Entries tagged with 'Numbrix'

Hidato™ On Sudoku

Monday, August 25th, 2008

Hidato On Sudoku

There’s been a significant increase in traffic to this blog ever since I posted the Numbrix puzzle variant at the end of July. For that, I thank you all for visiting.

This week, Barnes and Noble displayed a book by Dr. Gyora Benedek, called Hidato (A Hebrew word meaning: My Puzzle). Dr. Benedek writes an excellent (short) autobiography. The book itself contains variously sized and shaped grids including non-square (and non-quadrilateral) ones. Some web-based 10 x 10 grids have an interesting characteristic in that the middle 4 cells are darkened, indicating that they are not in play, leaving 96 cells to the playing area.

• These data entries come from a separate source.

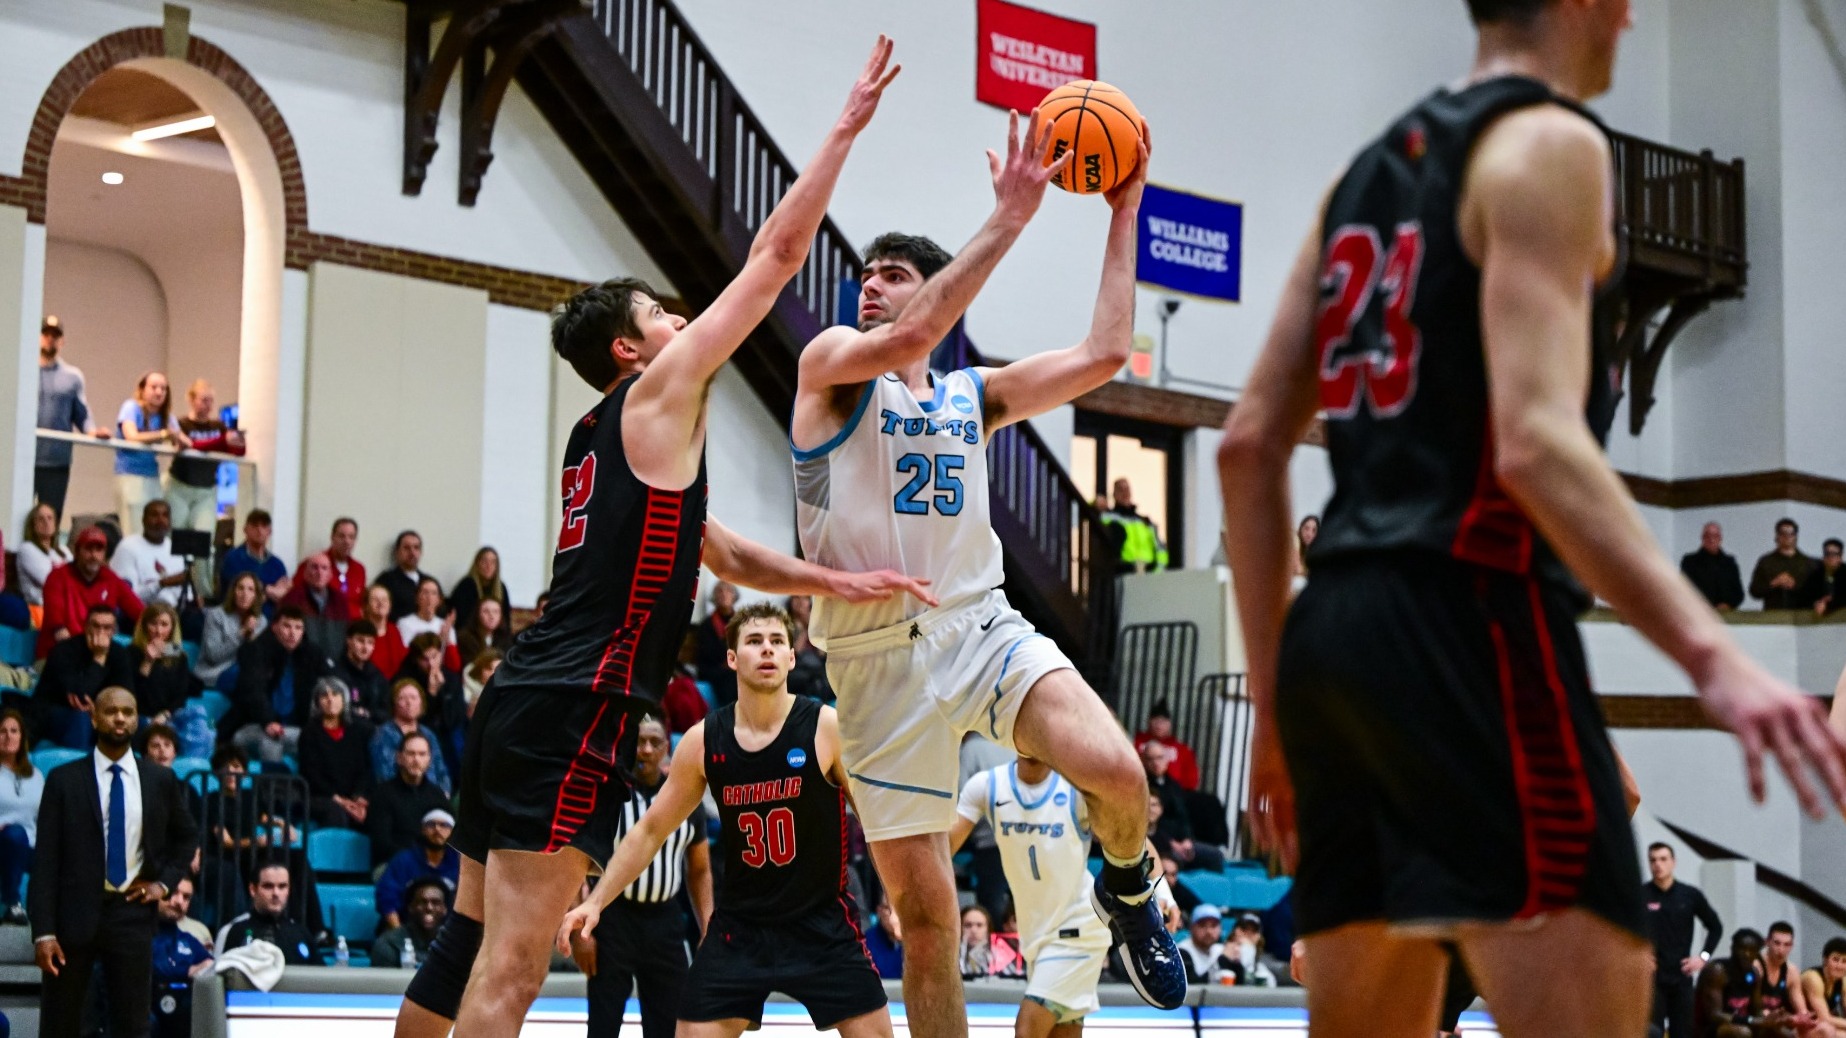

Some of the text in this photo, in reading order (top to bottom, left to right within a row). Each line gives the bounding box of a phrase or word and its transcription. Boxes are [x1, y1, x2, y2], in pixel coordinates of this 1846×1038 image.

[990, 31, 1084, 75] WESLEYAN
[1085, 153, 1101, 192] NCAA
[1147, 215, 1230, 252] WILLIAMS
[1317, 221, 1426, 420] 23
[893, 452, 965, 516] 25
[723, 776, 802, 806] CATHOLIC
[737, 806, 796, 869] 30
[1028, 844, 1041, 880] 1

Typically, you’ll be connecting sequence segments based on the starting numbers. Luckily, the connectedness of the overall sequence requires that local neighborhoods of numbers be near in value. What provides a challenge is that It is possible that multiple such sequences may be intermixed.

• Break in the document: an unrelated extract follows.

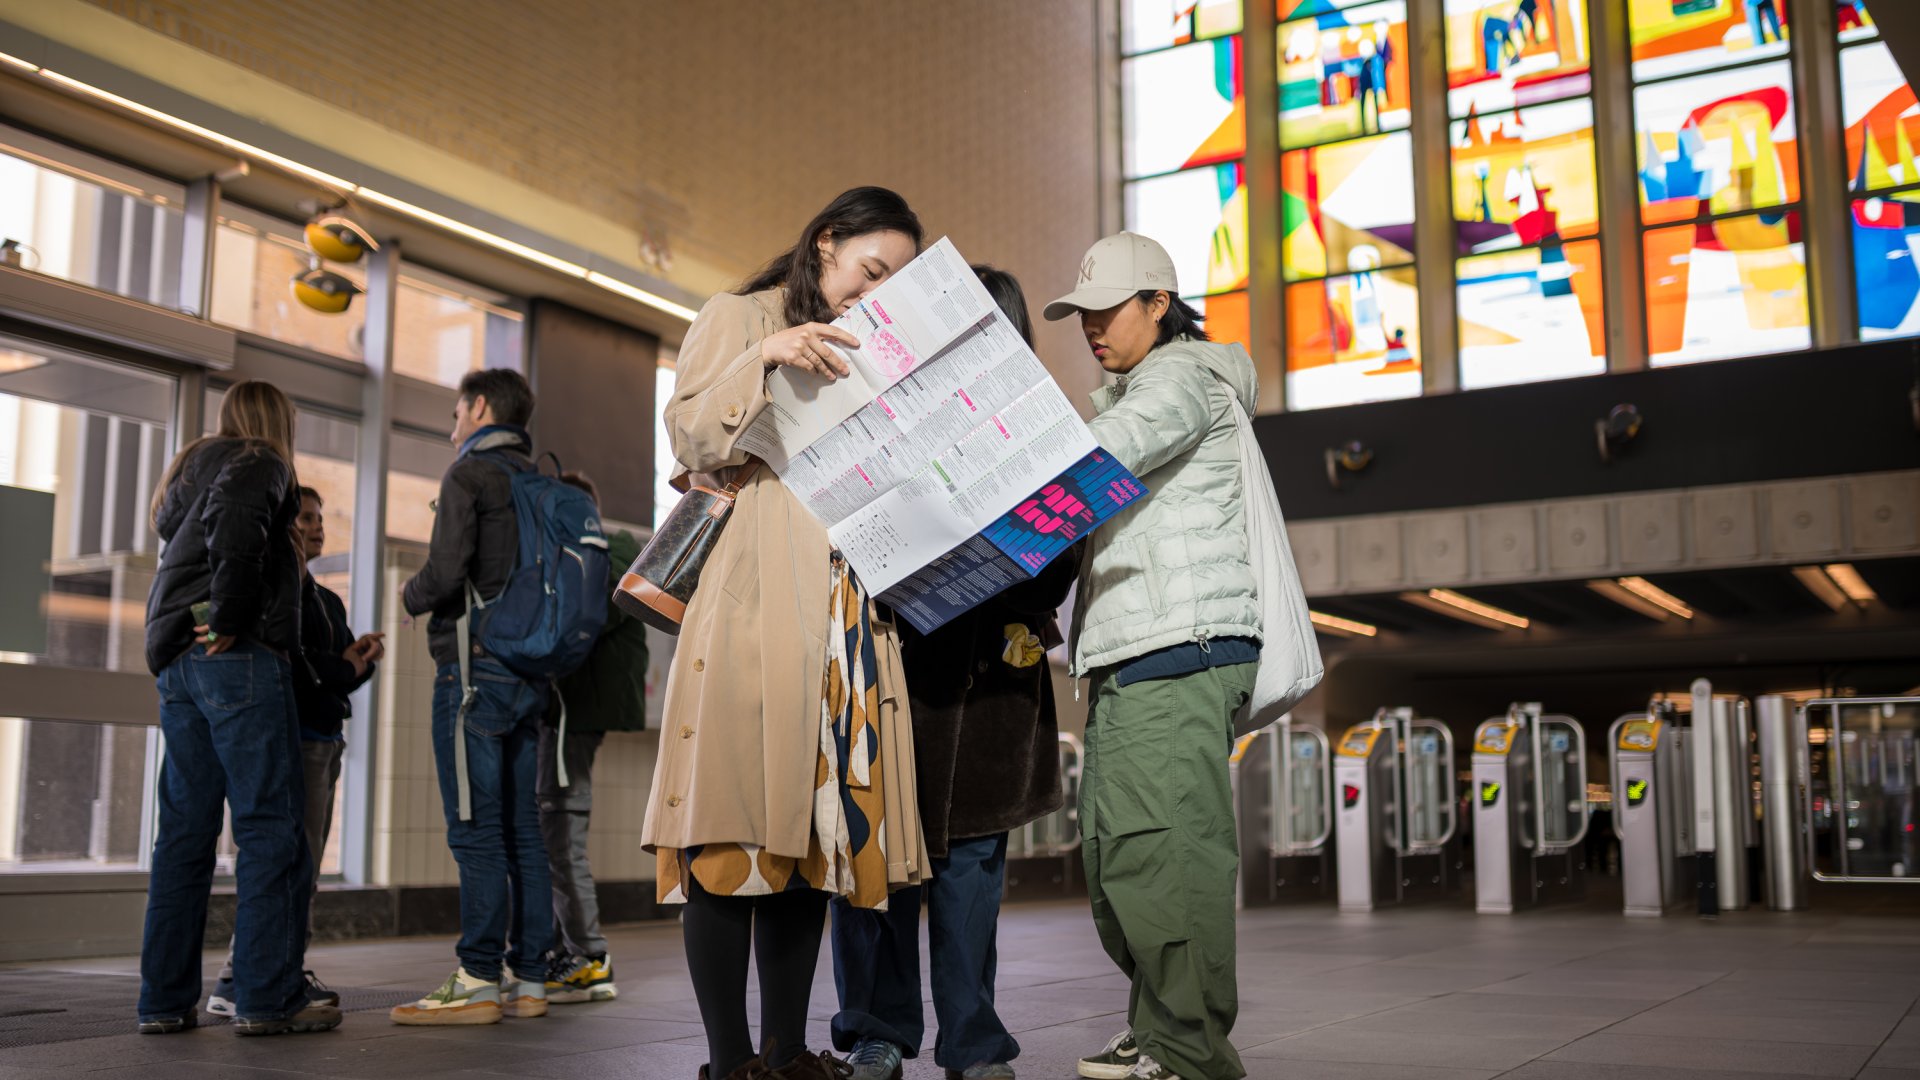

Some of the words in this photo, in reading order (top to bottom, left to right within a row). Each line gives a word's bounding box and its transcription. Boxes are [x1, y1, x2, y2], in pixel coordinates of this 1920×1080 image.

[1110, 481, 1132, 501] design
[1121, 479, 1140, 497] dutch
[1107, 490, 1124, 506] week

On the negative side, there’s no facility for saving the current state of the puzzle (without printing it) and when you print the puzzle out, it does not let you return to the puzzle to continue with it.

Have a good time with this variant. This is just the beginning for it.

Numbrix™ On Sudoku

Monday, July 28th, 2008

Numbrix(tm) On Sudoku

On July 13, 2008, Marilyn Vos Savant, in her column Ask Marilyn, (which is syndicated through Parade Magazine) introduced a number puzzle which helps focus the mind. It’s called NumbrixTM.

According to Michael Keller, of Solitaire Laboratory, who commented in the newsgroup rec.puzzles on July 22, 2008:

This puzzle dates back at least to 1981, when Steve Wilson (who I think invented it) published some puzzles in Games Magazine (July/August 1981, page 38). Steve’s puzzles are much harder and more interesting than Marilyn’s pathetic examples.

The puzzle in its present incarnation seems easy to those with much numerical puzzle experience, but can be challenging to those people with number anxiety and/or with interrupt-driven lives.

Although Marilyn’s puzzles are on 7×7 and 8×8 grids, there’s no reason why a 9×9 grid can’t be fully used. I restrained myself from making it harder by eliminating selected edge numbers, but that could be done by you, when copying the initial puzzle.

Stay on the path and be enlightened (or at least delighted), once you finish the puzzle.